Word for word, return every record that follows.

Data extracts Start Marker

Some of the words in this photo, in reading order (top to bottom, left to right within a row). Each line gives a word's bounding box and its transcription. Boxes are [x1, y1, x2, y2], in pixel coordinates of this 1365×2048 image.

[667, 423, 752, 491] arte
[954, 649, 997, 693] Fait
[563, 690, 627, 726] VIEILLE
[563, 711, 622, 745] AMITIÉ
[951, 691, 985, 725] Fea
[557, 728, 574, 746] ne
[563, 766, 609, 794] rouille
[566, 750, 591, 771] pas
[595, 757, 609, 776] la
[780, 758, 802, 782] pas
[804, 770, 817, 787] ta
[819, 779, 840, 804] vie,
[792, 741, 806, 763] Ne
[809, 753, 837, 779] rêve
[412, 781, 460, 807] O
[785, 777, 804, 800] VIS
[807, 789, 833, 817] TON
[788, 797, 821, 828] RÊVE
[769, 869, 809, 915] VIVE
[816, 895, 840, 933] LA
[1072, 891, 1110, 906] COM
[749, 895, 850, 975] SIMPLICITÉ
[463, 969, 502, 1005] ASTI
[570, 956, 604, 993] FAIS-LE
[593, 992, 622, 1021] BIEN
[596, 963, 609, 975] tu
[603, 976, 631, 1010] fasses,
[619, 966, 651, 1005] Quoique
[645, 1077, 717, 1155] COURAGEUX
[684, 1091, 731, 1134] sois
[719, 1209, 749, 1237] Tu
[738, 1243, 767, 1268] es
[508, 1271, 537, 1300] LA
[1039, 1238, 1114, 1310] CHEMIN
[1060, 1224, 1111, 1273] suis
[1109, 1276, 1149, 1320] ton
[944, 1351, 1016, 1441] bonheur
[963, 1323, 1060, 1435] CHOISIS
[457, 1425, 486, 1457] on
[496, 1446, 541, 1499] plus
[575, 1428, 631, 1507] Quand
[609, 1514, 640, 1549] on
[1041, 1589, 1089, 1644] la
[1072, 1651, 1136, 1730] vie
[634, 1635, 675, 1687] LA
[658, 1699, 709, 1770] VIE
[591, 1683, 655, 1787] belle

Data extracts End Marker

_Written response_
Some of the words in this photo, in reading order (top to bottom, left to right within a row). Each line gives a word's bounding box and its transcription. Boxes are [x1, y1, x2, y2], in pixel coordinates of this 1365×2048 image.

[667, 423, 752, 491] arte
[954, 649, 997, 693] Fait
[563, 690, 627, 726] VIEILLE
[563, 711, 622, 745] AMITIÉ
[951, 691, 985, 725] Fea
[557, 728, 574, 746] ne
[563, 766, 609, 794] rouille
[566, 750, 591, 771] pas
[595, 757, 609, 776] la
[780, 758, 802, 782] pas
[804, 770, 817, 787] ta
[819, 779, 840, 804] vie,
[792, 741, 806, 763] Ne
[809, 753, 837, 779] rêve
[412, 781, 460, 807] O
[785, 777, 804, 800] VIS
[807, 789, 833, 817] TON
[788, 797, 821, 828] RÊVE
[769, 869, 809, 915] VIVE
[816, 895, 840, 933] LA
[1072, 891, 1110, 906] COM
[749, 895, 850, 975] SIMPLICITÉ
[463, 969, 502, 1005] ASTI
[570, 956, 604, 993] FAIS-LE
[593, 992, 622, 1021] BIEN
[596, 963, 609, 975] tu
[603, 976, 631, 1010] fasses,
[619, 966, 651, 1005] Quoique
[645, 1077, 717, 1155] COURAGEUX
[684, 1091, 731, 1134] sois
[719, 1209, 749, 1237] Tu
[738, 1243, 767, 1268] es
[508, 1271, 537, 1300] LA
[1039, 1238, 1114, 1310] CHEMIN
[1060, 1224, 1111, 1273] suis
[1109, 1276, 1149, 1320] ton
[944, 1351, 1016, 1441] bonheur
[963, 1323, 1060, 1435] CHOISIS
[457, 1425, 486, 1457] on
[496, 1446, 541, 1499] plus
[575, 1428, 631, 1507] Quand
[609, 1514, 640, 1549] on
[1041, 1589, 1089, 1644] la
[1072, 1651, 1136, 1730] vie
[634, 1635, 675, 1687] LA
[658, 1699, 709, 1770] VIE
[591, 1683, 655, 1787] belle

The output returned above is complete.